Após o exame de tantas e tantas atividades humanas perigosas, pôde-se verificar,


então, que, a cada dia, aumenta o leque de situações que dão ensejo à
responsabilização civil objetiva genérica pela atividade de risco, na mesma medida
em que o viver se torna mais arriscado.

Ao que tudo indica, o fim da evolução da responsabilidade civil parece não estar
próximo, bastando notar, como já referido, que a reparação civil decorrente da
atividade nuclear ultrapassa os limites da própria responsabilidade objetiva
decorrente da atividade arriscada, vislumbrando-se já a imposição do dever
indenizatório sem cogitação sequer dos elementos conduta e nexo causal, bastando
a demonstração do dano causado para a vítima.

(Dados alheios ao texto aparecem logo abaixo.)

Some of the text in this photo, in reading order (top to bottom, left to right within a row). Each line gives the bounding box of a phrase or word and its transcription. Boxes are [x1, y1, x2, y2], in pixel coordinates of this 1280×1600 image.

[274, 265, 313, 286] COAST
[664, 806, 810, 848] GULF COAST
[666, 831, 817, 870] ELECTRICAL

Até onde vai essa evolução não se sabe, sendo causa única dessa ignorância o fato
de não se poder imaginar a respeito dos rumos que tomarão as atividades humanas
no milênio que se inicia.

O que se sabe, sim, é que a ciência jurídica estará sempre em eterna renovação,
adaptando-se às necessidades da vida em sociedade, constituindo-se num dos
instrumentos mais eficazes que o homem produziu para promover a boa convivência
das pessoas, podendo cada um dos juristas de todo o mundo se orgulhar de sua
contribuição para o bom caminhar da humanidade.